Antonio Cerpa*
Daniel no apartaba la vista del fuego, ni los oídos
de las palabras del abuelo. Fuera hacía frío, mucho frío. Olegario dormitaba
sobre la alfombra justo en medio del niño y el anciano. De vez en cuando abría
uno de sus ojos, comprobaba que todo estaba bien, y volvía a sumergirse en sus
sueños de perro. Algo más alejada de las llamas, callada y en paz, la abuela
tejía una bufanda de lana blanca para el pequeño. También ella escuchaba, y sonreía,
y recordaba.
Perdida entre las cumbres de
la isla, justo en las estribaciones de Los Pechos, aquella casita de piedra, en
otro tiempo humilde y sólido refugio de antiguos peones camineros, era su hogar
durante largas temporadas, fundamentalmente en aquellas que coincidían con las
vacaciones escolares.
Daniel vivía en un palacete de más
de quinientos metros cuadrados en la zona noble de la ciudad. Compartía aquel
inmenso "castillo" con sus padres y con una nani venida de Bulgaria
para ocuparse de él. Alicia y Gustavo, sus jóvenes progenitores apenas tenían
tiempo libre. Eran demasiado importantes. Gustavo gastaba su jornada amasando
dinero, y Alicia propiciando encuentros entre sus amigas del club náutico para
organizar cenas, fiestas y rastrillos de caridad en favor de los niños pobres
del tercer mundo.
Cuando salía para el colegio alemán
acompañado de su niñera, su madre aún dormía y su padre hacía horas que se había
marchado.

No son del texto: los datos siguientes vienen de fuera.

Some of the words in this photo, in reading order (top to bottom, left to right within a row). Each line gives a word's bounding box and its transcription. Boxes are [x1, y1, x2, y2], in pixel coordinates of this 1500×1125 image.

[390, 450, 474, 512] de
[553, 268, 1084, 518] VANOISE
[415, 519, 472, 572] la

En realidad a su padre apenas le veía, y a su madre, ...alguna noche
antes de acostarse y en la misa de los domingos, a la que por nada del mundo,
ya tronara o cayeran chuzos de punta, se permitiría faltar.
El enorme caserón en el que vivía,
los largos y oscuros pasillos, los muebles oscuros y muy caros, las lámparas de
araña, los vetustos arcones, los techos altísimos y las pesadas cortinas de
cretona, la mirada severa de su nani, las palabras extrañas que no entendía, la
falta de besos y caricias... Daniel se encerró en si mismo y se instaló en su
propio mundo. Se inventó su bosque de Sherwood entre las patas de las
veinticuatro sillas del comedor, su cuartel general bajo la mesa de despacho de
su padre, y su campo de batalla, en los interminables y siniestros pasillos. No
hablaba con nadie, no reía con nadie, no lloraba con nadie. Sólo hablaba,
reía o lloraba con los personajes de su universo encantado.

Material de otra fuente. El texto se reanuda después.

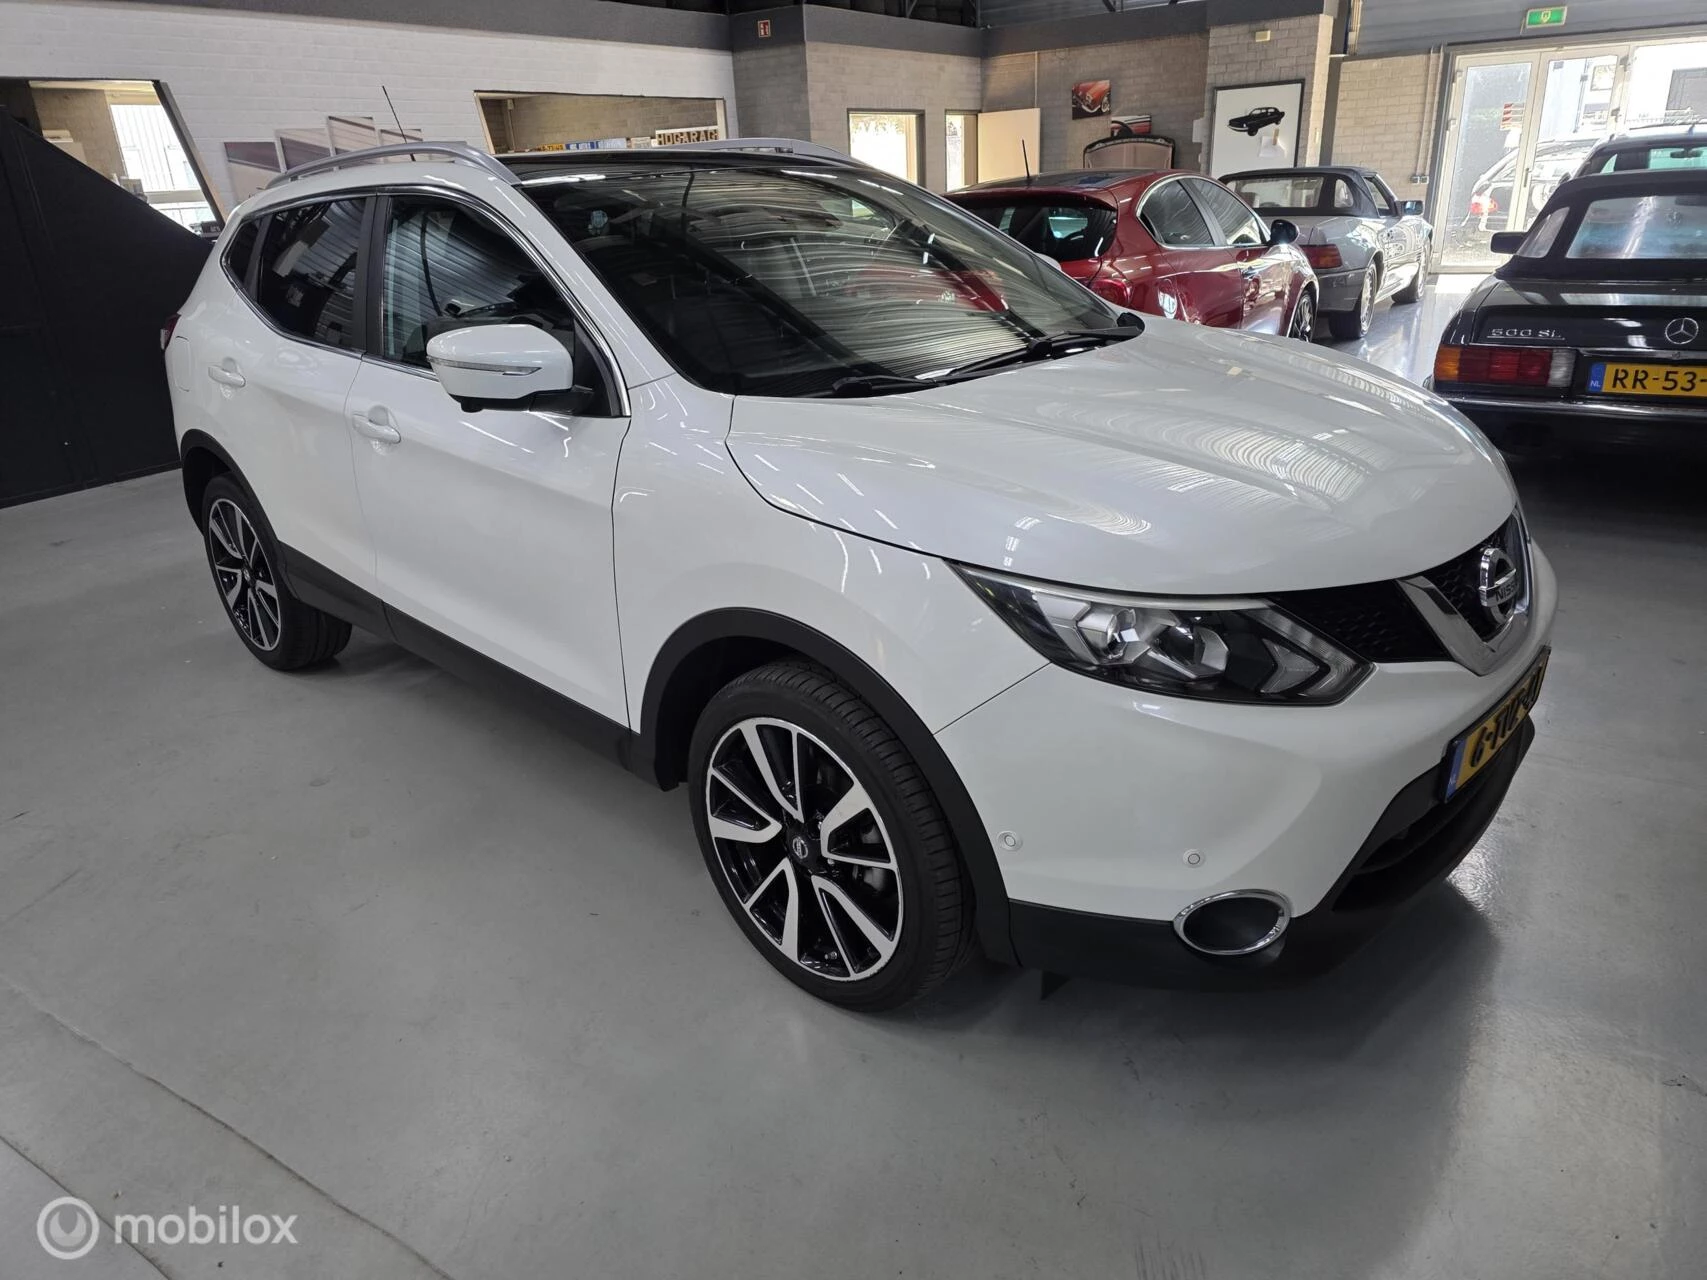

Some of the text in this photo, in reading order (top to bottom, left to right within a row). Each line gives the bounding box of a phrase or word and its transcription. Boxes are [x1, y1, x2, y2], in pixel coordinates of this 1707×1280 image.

[1491, 328, 1562, 338] 500 SL
[1590, 380, 1601, 388] NL

La Semana Santa se había adelantado
este año (aún faltaban unos días para que comenzase oficialmente la primavera). La temperatura, muy fría durante la noche y bastante fresca en las primeras
horas de la mañana, se dulcificaba con los primeros rayos de sol y calentaba
con fuerza cuando llegaba el mediodía.
Mientras el niño dormía, la abuela
abría las ventanas y permitía que el aire y la luz de la mañana ventilasen y
purificasen la casa. El abuelo cortaba leña junto al pequeño huerto y Olegario,
después de un paseo reparador, se había tumbado frente a la habitación de
Daniel esperando ansioso verle aparecer por la puerta. Ya olía a chorizo,
huevos fritos, pan caliente y café recién hecho. Pronto estarían todos a la
mesa.
A escasos metros de allí,
serpenteando entre riscos y matorrales, protegido por un mar inmenso de pinos,
perfumado con los olores de la retama amarilla, el tomillo de cumbre y la
salvia blanca, un luminoso arroyo de aguas transparentes y frías venido desde
el Pico de las Nieves, brincaba entre las rocas cristalino y exultante.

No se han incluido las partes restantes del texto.